The demonstrators, also carrying banners and handheld signs and shouting for Park to step down, marched through downtown streets as large groups of police officers moved along and kept them at close watch. The walk brought the demonstrators to an area near a hospital where a 69-year-old protester remains in a coma after being injured during a huge rally on Nov. 14, when dozens were hurt in clashes with police.

Police said about 2,500 people participated in Saturday's rally. The crowd was significantly smaller than the protest in November and a peaceful follow-up demonstration on Dec. 5, which drew a combined total of more than 80,000 people.

Park's government has clamped down on labor and civic groups involved in organizing last month's rally, holding them responsible for the violence.

Prosecutors are considering indicting arrested Korean Confederation of Trade Unions President Han Sang-gyun for sedition, a charge unseen in South Korean courts since the 1980s, when the country was under military dictatorship. Under South Korean law, sedition is punishable by up to 10 years in prison.

The government's tough stance on protesters has added concerns about what critics see as Park's unwillingness to tolerate dissent. Prosecutors in recent months have pushed several criminal defamation cases against journalists and activists, who have been outspoken in their disapproval of Park.

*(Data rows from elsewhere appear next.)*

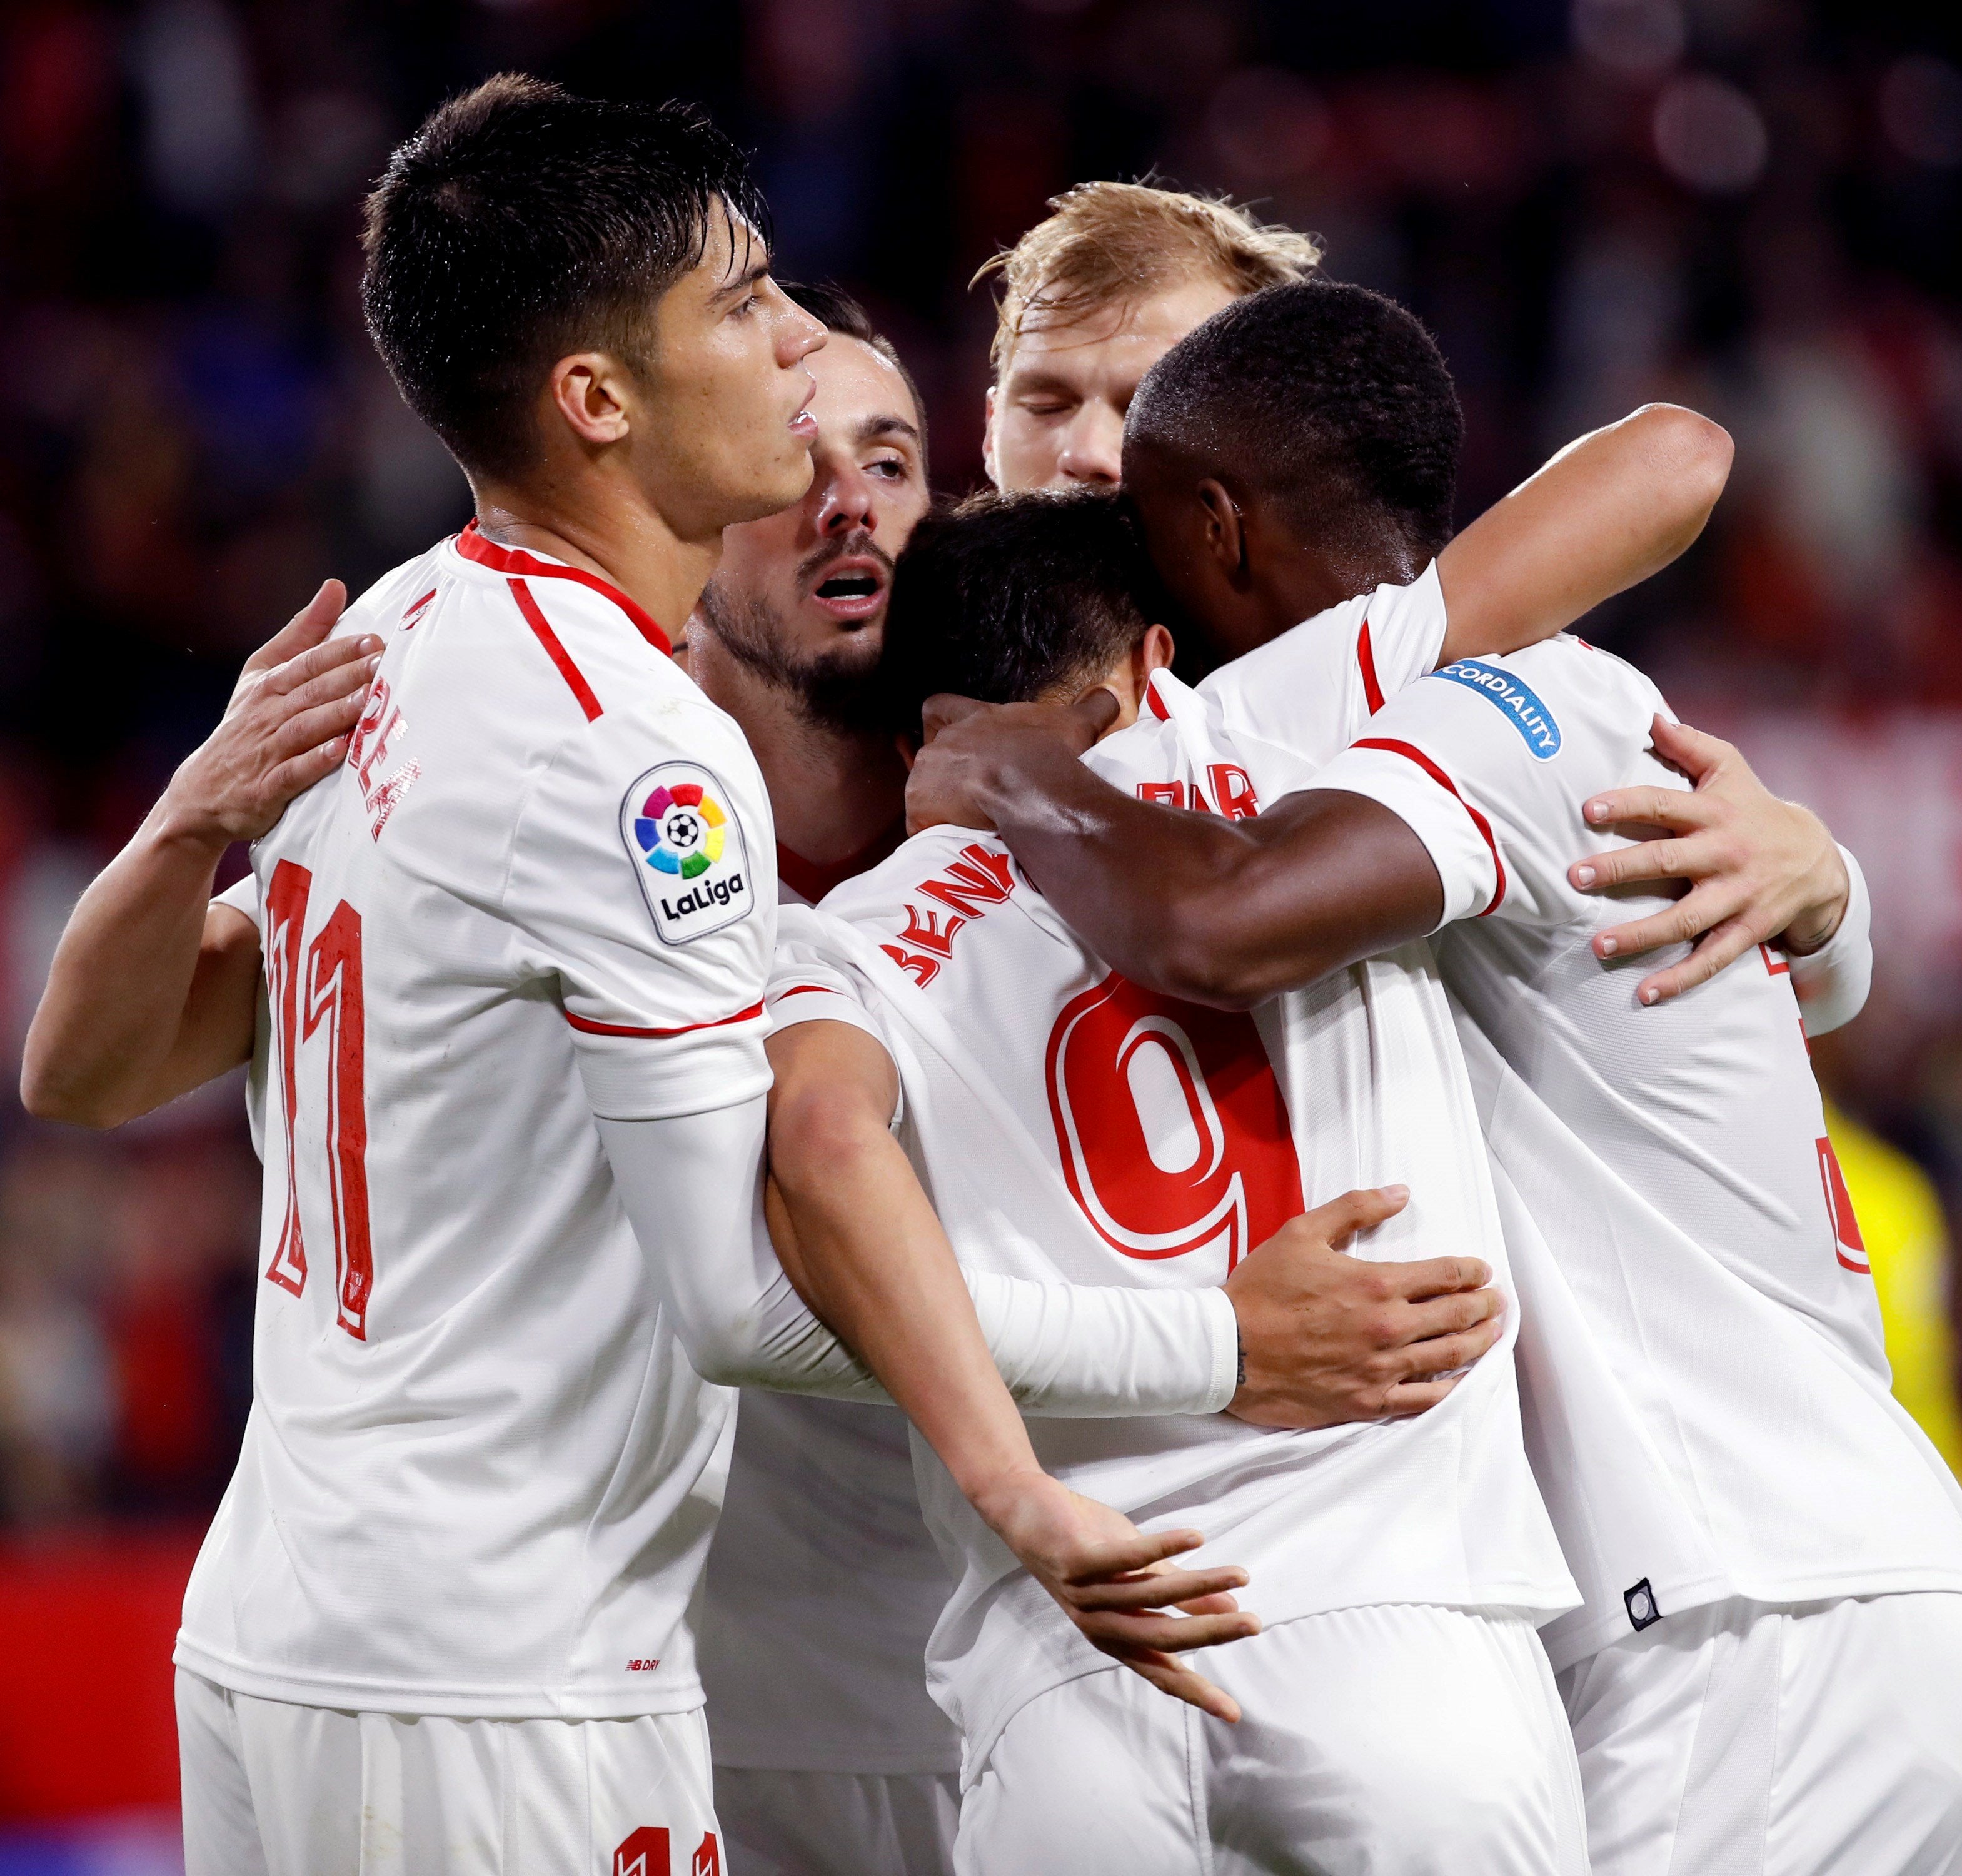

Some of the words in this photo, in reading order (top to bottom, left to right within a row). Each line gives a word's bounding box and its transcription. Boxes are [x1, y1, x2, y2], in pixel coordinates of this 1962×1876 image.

[1442, 663, 1556, 747] CORDIALITY
[660, 873, 744, 920] LaLiga
[265, 857, 372, 1342] 11
[1045, 969, 1306, 1283] 9
[641, 1659, 661, 1671] DRY

There is also widespread resistance to the government's decision to require middle and high schools to use only state-issued history textbooks starting in 2017, which critics say is an attempt to whitewash the dictatorships that preceded South Korea's bloody transition toward democracy in the 1980s.

Park is the daughter of slain military dictator Park Chung-hee, who ruled South Korea in the 1960s and '70s, and whose legacy as a successful economic strategist is marred by a brutal record of civilian oppression.